Напомню, шел третий день, и у нас к ним пока претензий не было. Он втолковывал нам, что классовая борьба – понятие отжившее, возмутительный архаизм в эпоху Интернета. Технологические и социальные потрясения разрушили эти пережитки и непонятно, почему неглупые вроде бы люди при каждом удобном случае продолжают вытаскивать их на свет и считать врагом объединение предпринимателей. По мнению Пинетти, сотрудники любого предприятия должны быть заинтересованы в его процветании. В условиях яростной международной конкуренции нельзя позволять себе внутренние конфликты, подозрительность и требования, несовместимые с целями. Брижит Обер возразила, что слова эти стары как мир, богатые и бедные существовали всегда, и Интернет ничего не меняет. Пинетти ответил, что нужно отбросить мечты о равенстве; все системы, провозгласившие его, рухнули, тогда как те, в которых трезво смотрели на вещи, отличались устойчивой жизнеспособностью. Эль-Фатави спросил Пинетти, не рассматривает ли он общество как человеческое тело, члены которого имеют специфические функции, а каждая клеточка организма находится на своем месте.

– Именно так, – ответил тот.

– Тогда вы совершенный фашист, – отбрил его эль-Фатави. – Подобная органистическая теория лежит в основе теории фашизма.

– Господи, да вы интеллектуал! – посочувствовал ему Пинетти.

– Это тоже типично для фашизма, – заметил эль-Фатави.

Пинетти вспылил:

– В таком случае, господин профессор, где полицейские собаки? Где сторожевые вышки? Политзаключенные? Никогда еще это общество не было таким свободным!

– Потому что вам удалось разрушить коллективное согласие. Остались только эгоисты-одиночки. А наверху – люди, решающие за всех от имени технократии. Нет восстаний, но стало больше убийств, случаев депрессий и самоубийств. Больше нет политзаключенных, это правда, зато в четыре раза увеличилось количество уголовников. Стало меньше забастовок, а тюрьмы переполнены.

– Переполнены потому, что люди не вписались в игру. Соблюдайте правила – и не будет проблем. Сила заменилась правом. Разве это не прогресс?

– А кто устанавливает это право? Кто пишет законы?

– Вы. Я. Через тех, кого мы избираем.

– Вздор! Это сотни технократов, никем не контролируемых, которых пугает только колебание финансовых рынков. Им нет необходимости выравнивать законы, они выпускают указ и заставляют судей следовать ему. Все движется в одном направлении – в сторону международных корпораций и США, что одно и то же. Надо быть идиотом, вроде Милошевича, чтобы получить бомбы в морду. А цивилизованным людям, если валюта обесценивается на одну десятую процента, сразу ясно, что они сделали глупость. Значит, надо стоять смирно и повиноваться.

– Ну конечно. Ведь существуют законы рентабельности, общие для всех. Законы экономики так же непреложны, как законы природы, по которым мы дышим, едим, ходим в туалет – против них не попрешь. Вас этому учили на факультете? Если вы их нарушаете, это то же, что отказаться дышать, – вы гибнете.

– А если вы их соблюдаете, то все равно погибнете. Дело в том, что подыхают другие. Вот и вся разница.

– Когда же это кончится? – простонал Моран. – Можно подумать, что мы слушаем программу «Франция – культуре».

– Надо же, – протянула Лоранс с невинным видом, – господин Моран даже знает о существовании этой программы. Поразительно…

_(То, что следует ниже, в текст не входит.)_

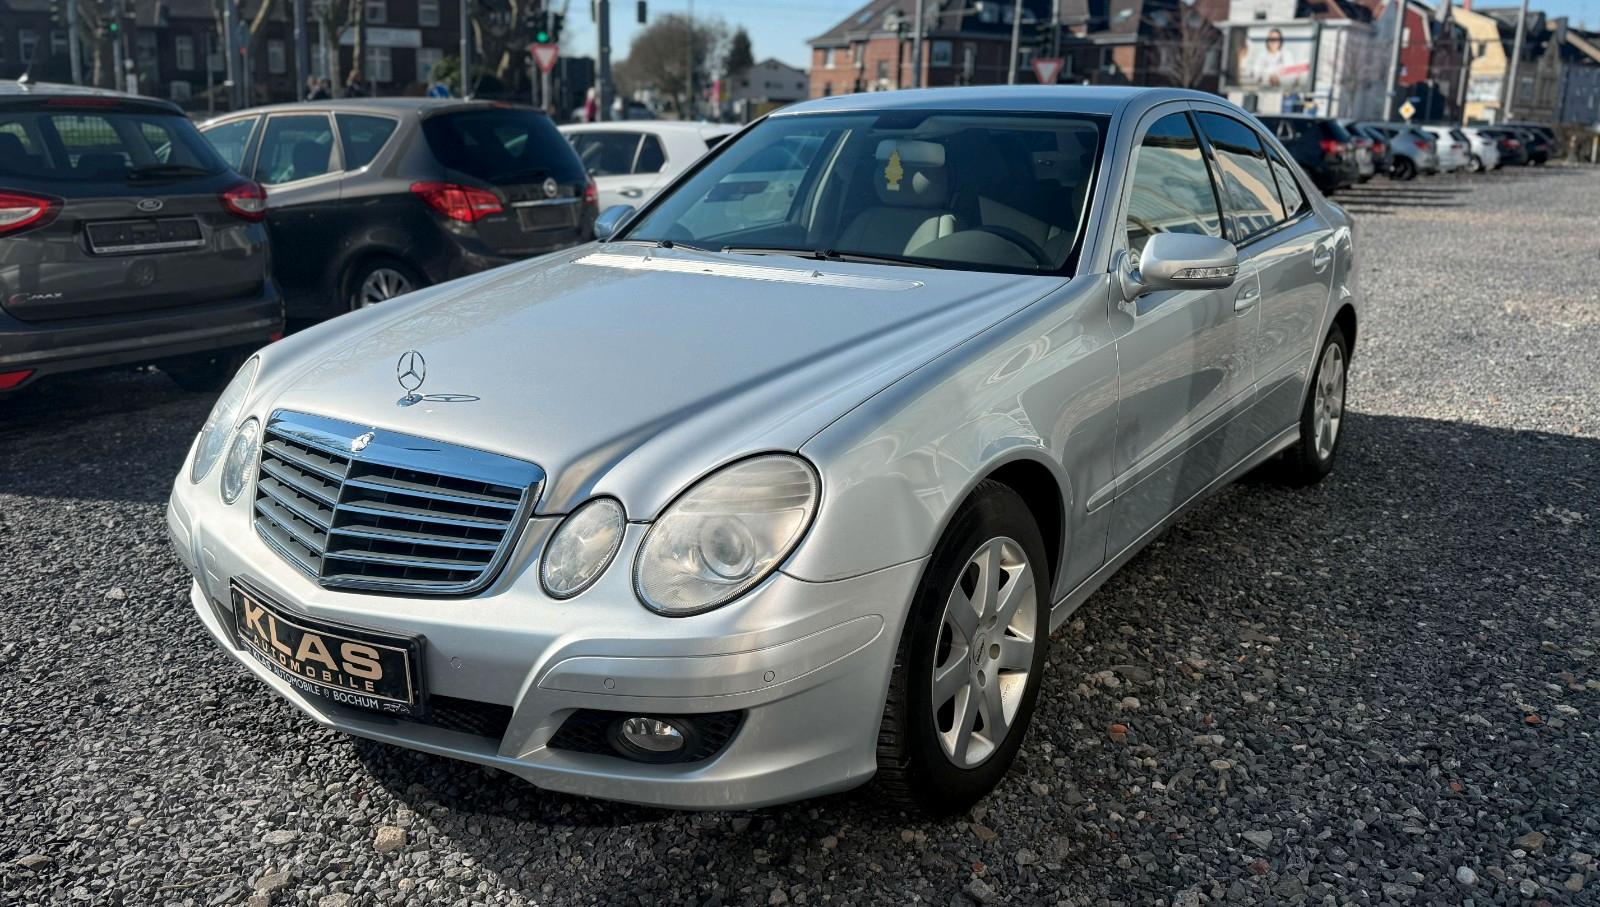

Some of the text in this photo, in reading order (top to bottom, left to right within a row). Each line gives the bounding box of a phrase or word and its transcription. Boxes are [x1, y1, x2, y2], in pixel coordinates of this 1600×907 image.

[243, 597, 383, 681] KLAS
[253, 634, 375, 692] AUTOMOBILE
[252, 649, 379, 709] KLAS AUTOMOBILE BOCHUM
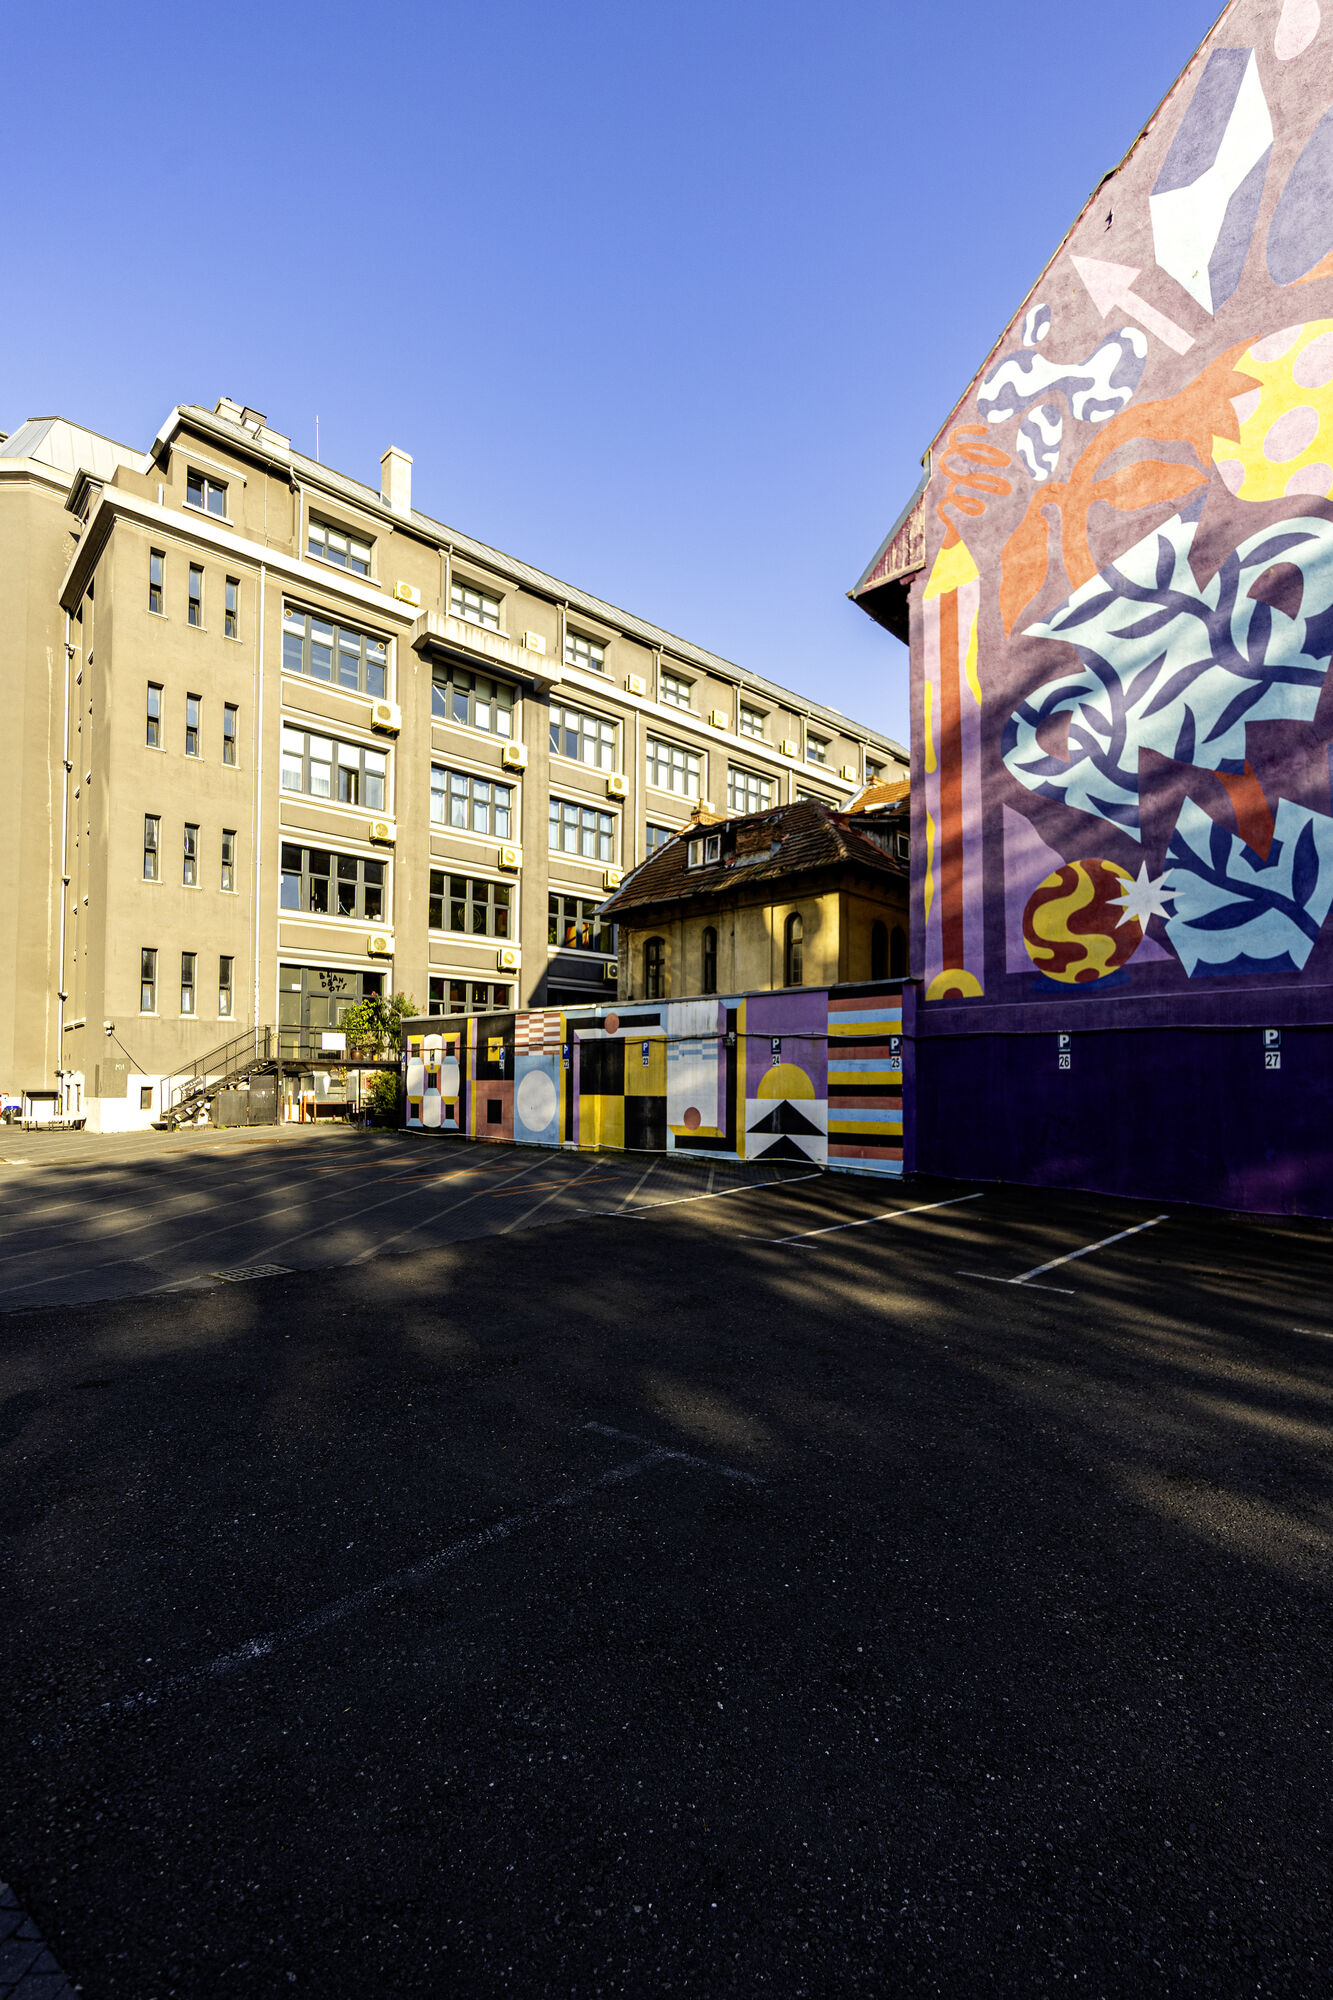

Атмосфера ужина была пропитана ядом. Вся команда Лоранс дышала злостью и мстила за свою неудачу, нападая на приближенных Шарриака. Уверен, восхваляй Пинетти Сталина, эль-Фатави встал бы на защиту либерализма. Они всячески изворачивались, чтобы, не произнося вслух, выразить свою мысль: «Вы негодяй, и я вас ненавижу». В большинстве случаев это называется дискуссией, все остальное – дымовая завеса.

К кофе мы получили сюрприз. Его превосходительство дель Рьеко соизволил присоединиться к нам. Он был в синем блейзере и безупречно белых брюках. Вместе с ним прибыли Жан-Клод и Натали, как всегда сдержанные и молчаливые. Дель Рьеко одарил нас белозубой голливудской улыбкой. Его зеленые глаза дружелюбно поблескивали из-под густых бровей. Он разыгрывал сердечность.

– Надеюсь, я вам не помешаю?

– Напротив, напротив, мы так мало видим вас, – засуетился Пинетти, пододвигая ему стул.